■ What is expected:
In your copy, include no images and return each entry exactly as written.
== Records for the exercise ==
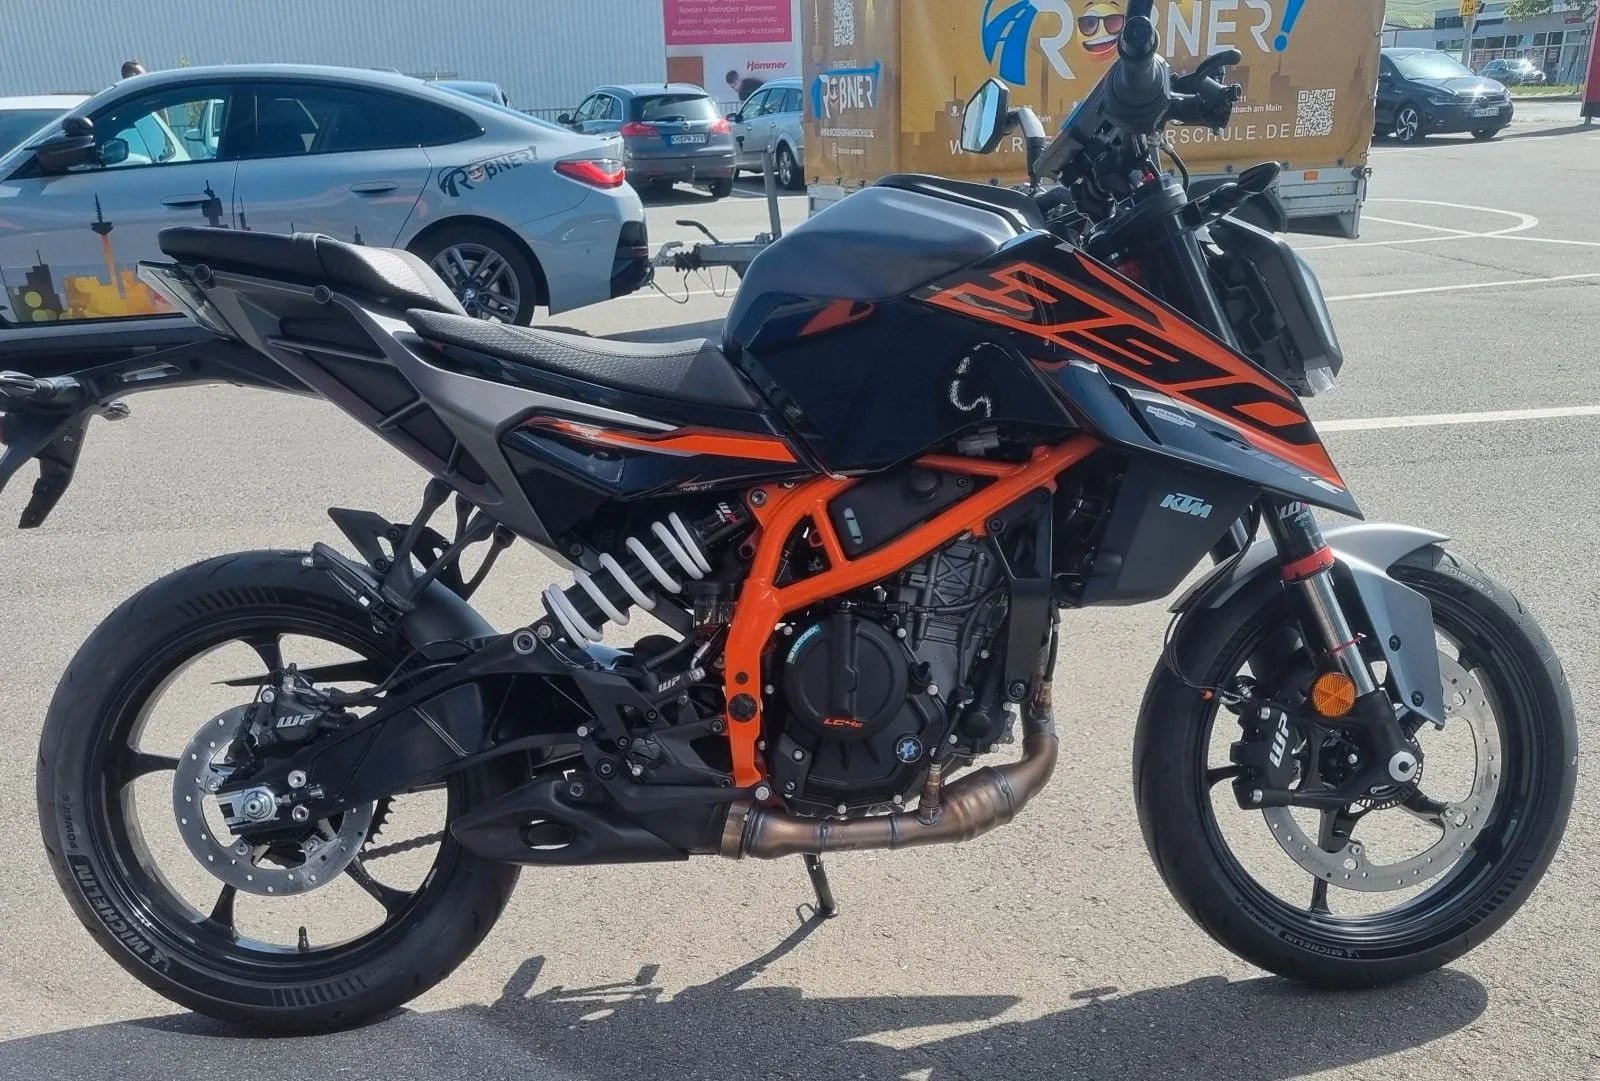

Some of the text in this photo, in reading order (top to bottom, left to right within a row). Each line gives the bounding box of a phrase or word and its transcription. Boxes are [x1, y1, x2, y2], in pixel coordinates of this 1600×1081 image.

[746, 61, 787, 71] Hammer
[1265, 103, 1282, 112] Main
[1159, 492, 1213, 519] KTM
[658, 675, 681, 693] WP
[275, 712, 316, 730] WP
[1268, 711, 1289, 769] WP
[63, 807, 79, 850] POWER
[75, 864, 151, 954] MICHELIN
[1284, 933, 1344, 956] MICHELIN
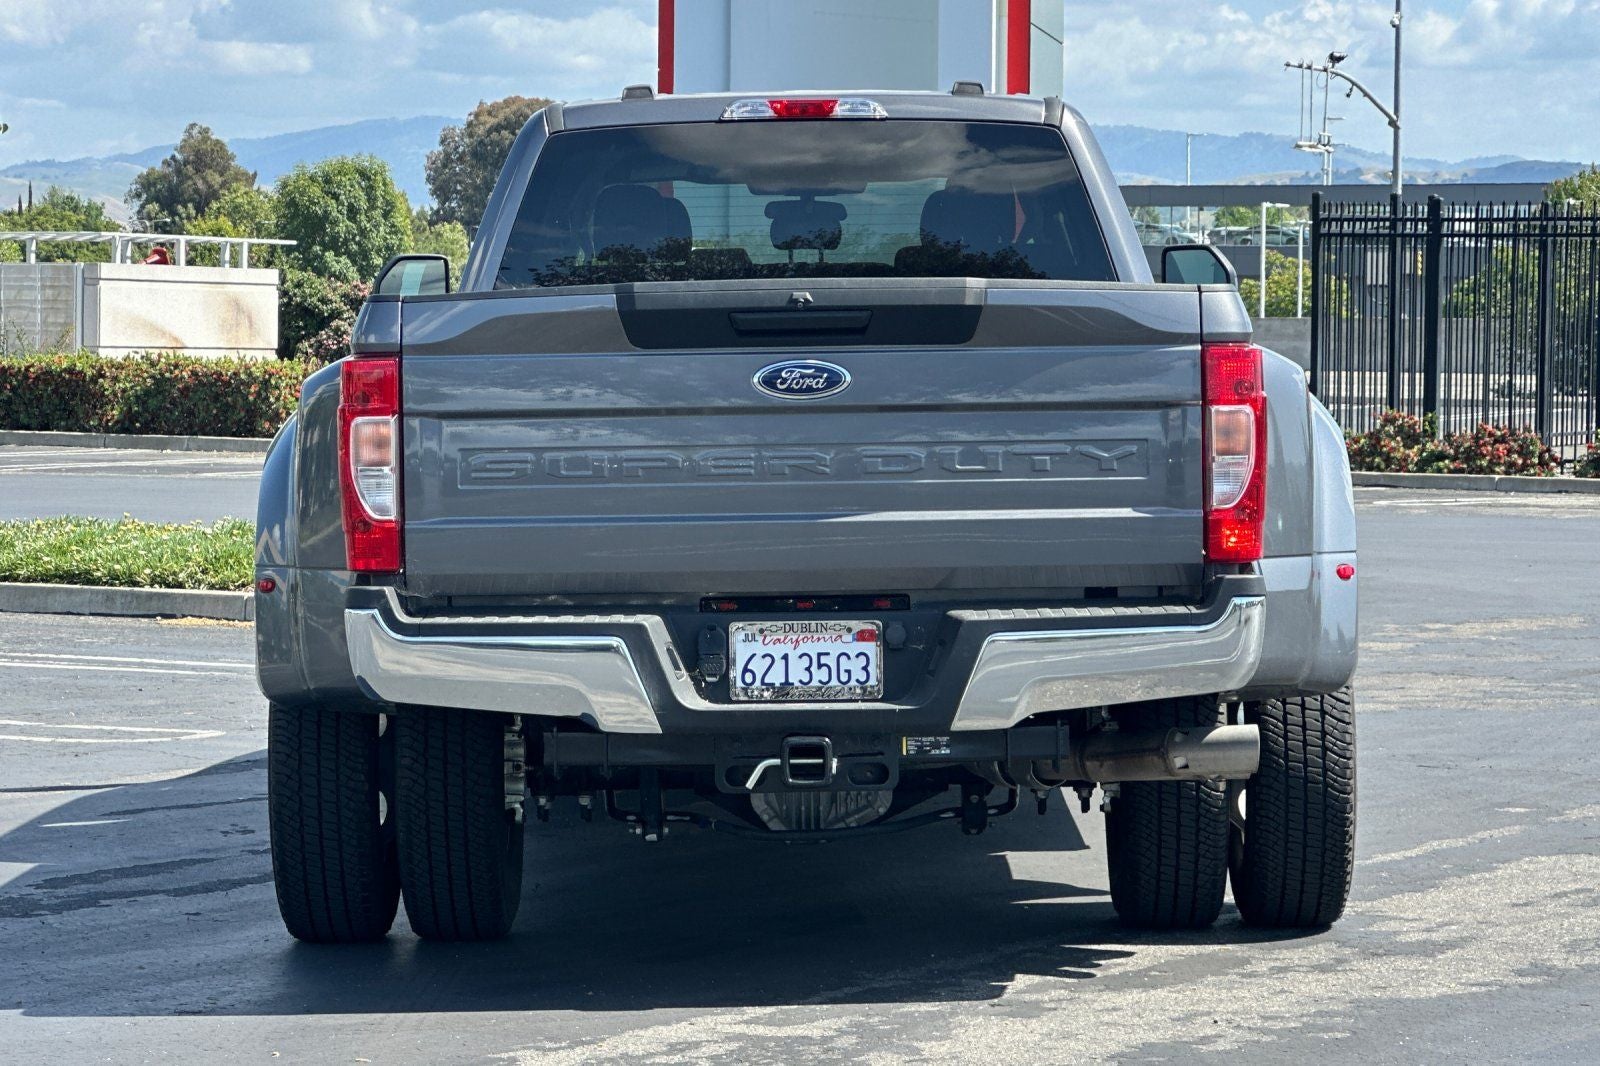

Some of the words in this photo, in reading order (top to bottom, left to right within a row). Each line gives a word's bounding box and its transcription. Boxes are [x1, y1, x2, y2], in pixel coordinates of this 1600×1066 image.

[776, 367, 829, 390] Ford
[468, 449, 834, 479] SUPER
[856, 443, 1139, 474] DUTY
[783, 622, 829, 634] DUBLIN
[742, 632, 759, 643] JUL
[762, 633, 845, 650] California
[740, 651, 871, 687] 62135G3
===
■ Reply to the exercise:
Some of the text in this photo, in reading order (top to bottom, left to right within a row). Each line gives the bounding box of a phrase or word and its transcription. Boxes are [x1, y1, x2, y2], in pixel coordinates of this 1600×1081 image.

[746, 61, 787, 71] Hammer
[1265, 103, 1282, 112] Main
[1159, 492, 1213, 519] KTM
[658, 675, 681, 693] WP
[275, 712, 316, 730] WP
[1268, 711, 1289, 769] WP
[63, 807, 79, 850] POWER
[75, 864, 151, 954] MICHELIN
[1284, 933, 1344, 956] MICHELIN

Some of the words in this photo, in reading order (top to bottom, left to right within a row). Each line gives a word's bounding box and its transcription. Boxes are [x1, y1, x2, y2], in pixel coordinates of this 1600×1066 image.

[776, 367, 829, 390] Ford
[468, 449, 834, 479] SUPER
[856, 443, 1139, 474] DUTY
[783, 622, 829, 634] DUBLIN
[742, 632, 759, 643] JUL
[762, 633, 845, 650] California
[740, 651, 871, 687] 62135G3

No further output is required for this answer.